§ EXERCISE DESCRIPTION:
The entries below should be given again exactly, minus their pictures.

"""

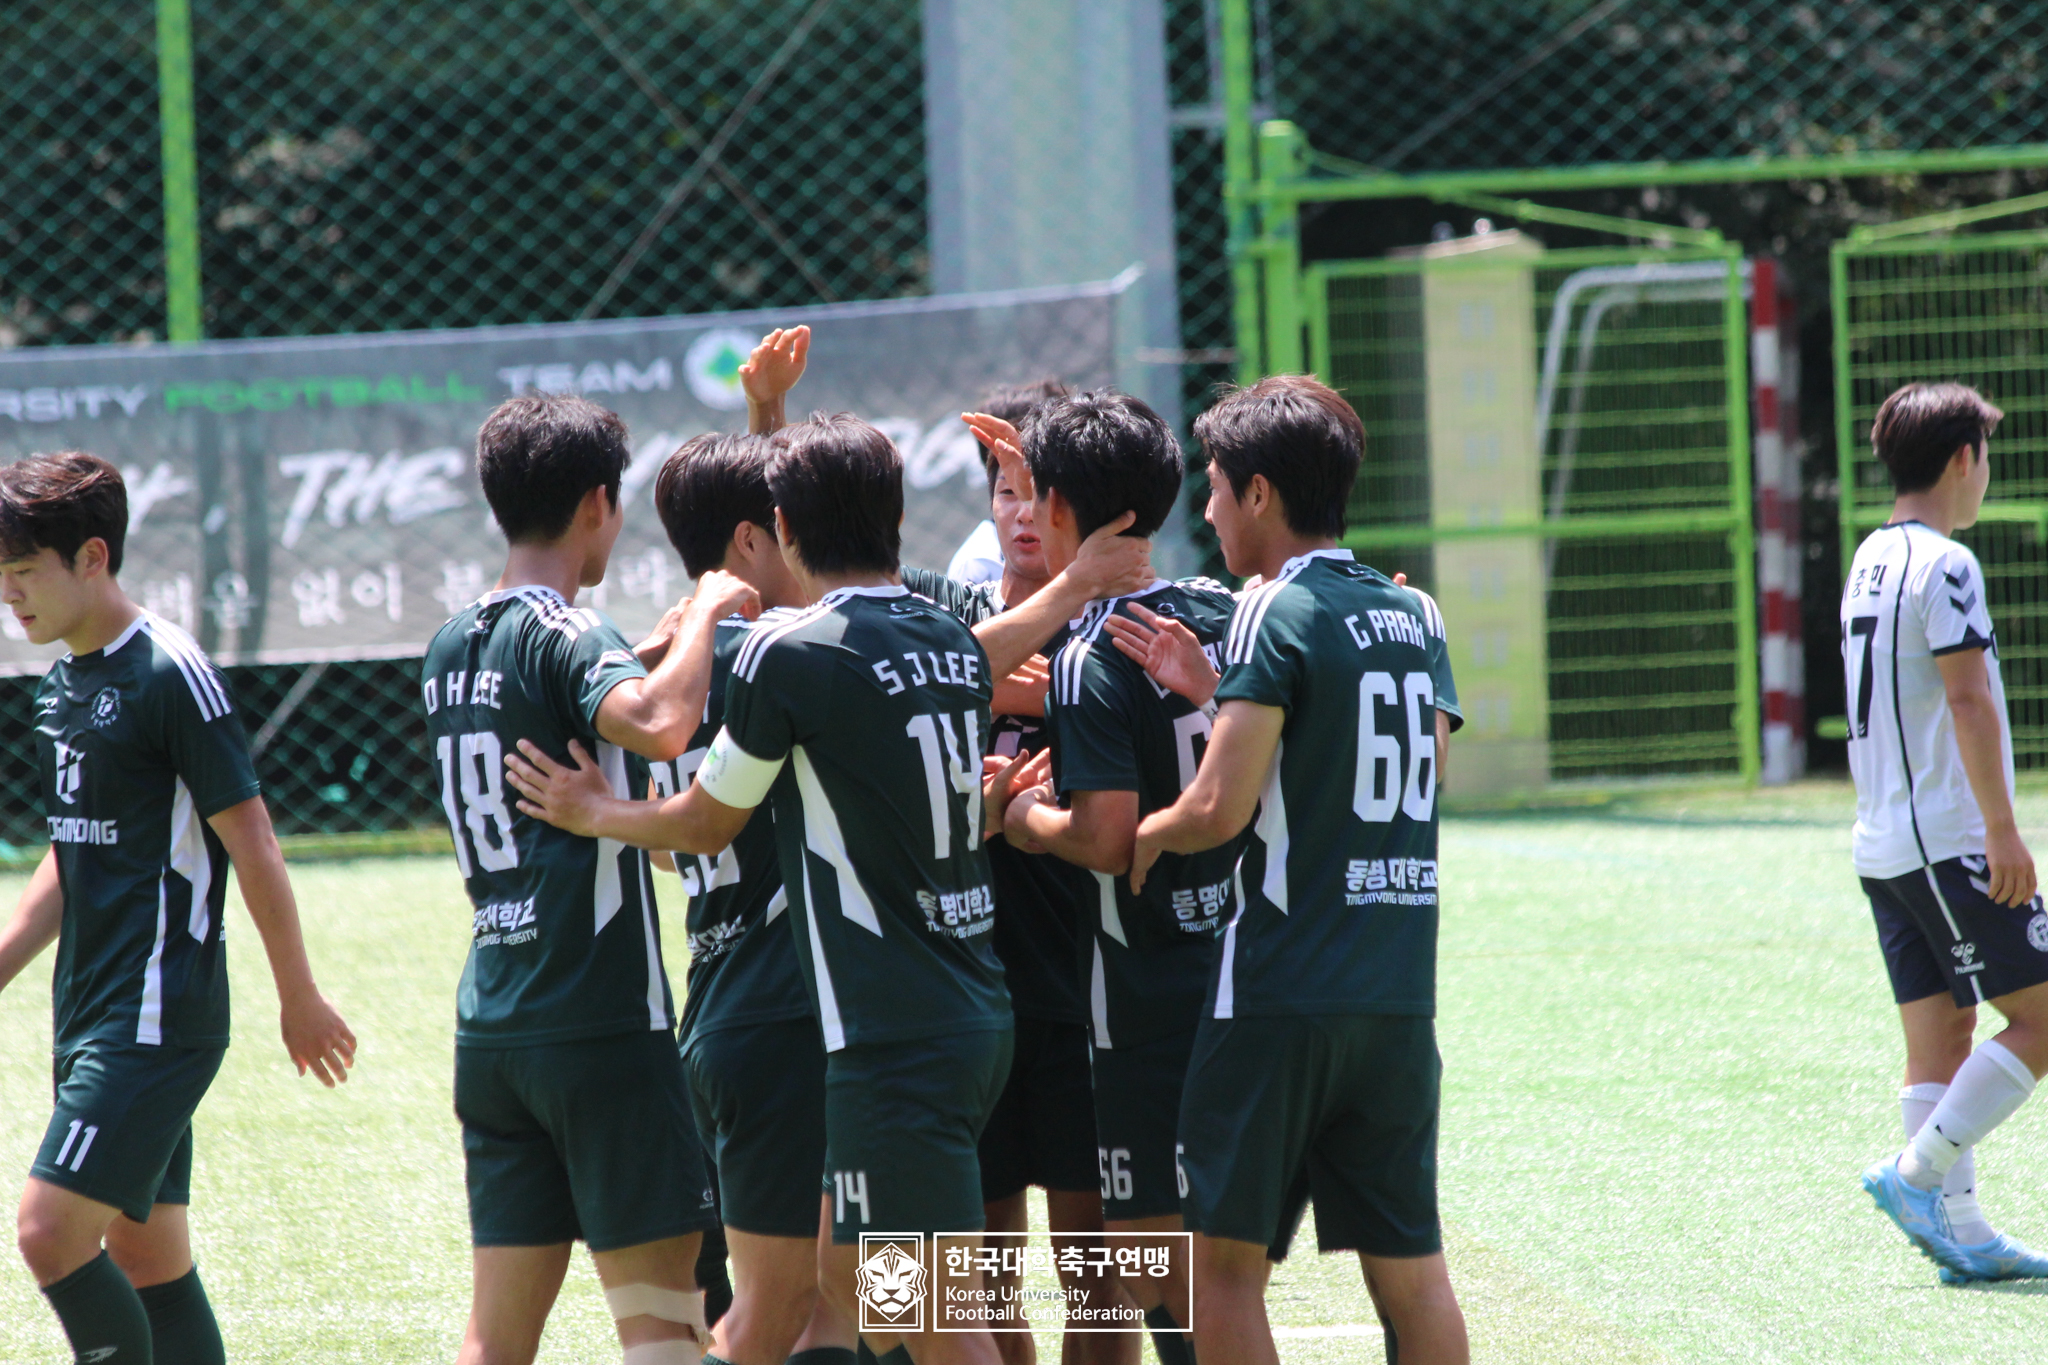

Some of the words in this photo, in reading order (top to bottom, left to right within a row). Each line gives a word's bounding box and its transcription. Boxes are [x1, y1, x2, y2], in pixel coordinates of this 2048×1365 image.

[164, 372, 487, 414] FOOTBALL
[498, 358, 674, 395] TEAM
[277, 447, 472, 549] THE
[1365, 609, 1427, 651] PARK
[446, 670, 467, 707] H
[469, 669, 503, 711] LEE
[871, 659, 905, 696] S
[903, 652, 929, 686] J
[927, 651, 981, 690] LEE
[1840, 616, 1879, 740] 7
[1352, 671, 1435, 823] 66
[436, 731, 521, 881] 18
[905, 709, 986, 861] 14
[1345, 857, 1438, 892] 동명대학교
[54, 1119, 98, 1173] 11
[834, 1170, 871, 1225] 14

"""

§ RESPONSE TO THE EXERCISE:
Some of the words in this photo, in reading order (top to bottom, left to right within a row). Each line gives a word's bounding box and its transcription. Boxes are [x1, y1, x2, y2], in pixel coordinates of this 2048×1365 image.

[164, 372, 487, 414] FOOTBALL
[498, 358, 674, 395] TEAM
[277, 447, 472, 549] THE
[1365, 609, 1427, 651] PARK
[446, 670, 467, 707] H
[469, 669, 503, 711] LEE
[871, 659, 905, 696] S
[903, 652, 929, 686] J
[927, 651, 981, 690] LEE
[1840, 616, 1879, 740] 7
[1352, 671, 1435, 823] 66
[436, 731, 521, 881] 18
[905, 709, 986, 861] 14
[1345, 857, 1438, 892] 동명대학교
[54, 1119, 98, 1173] 11
[834, 1170, 871, 1225] 14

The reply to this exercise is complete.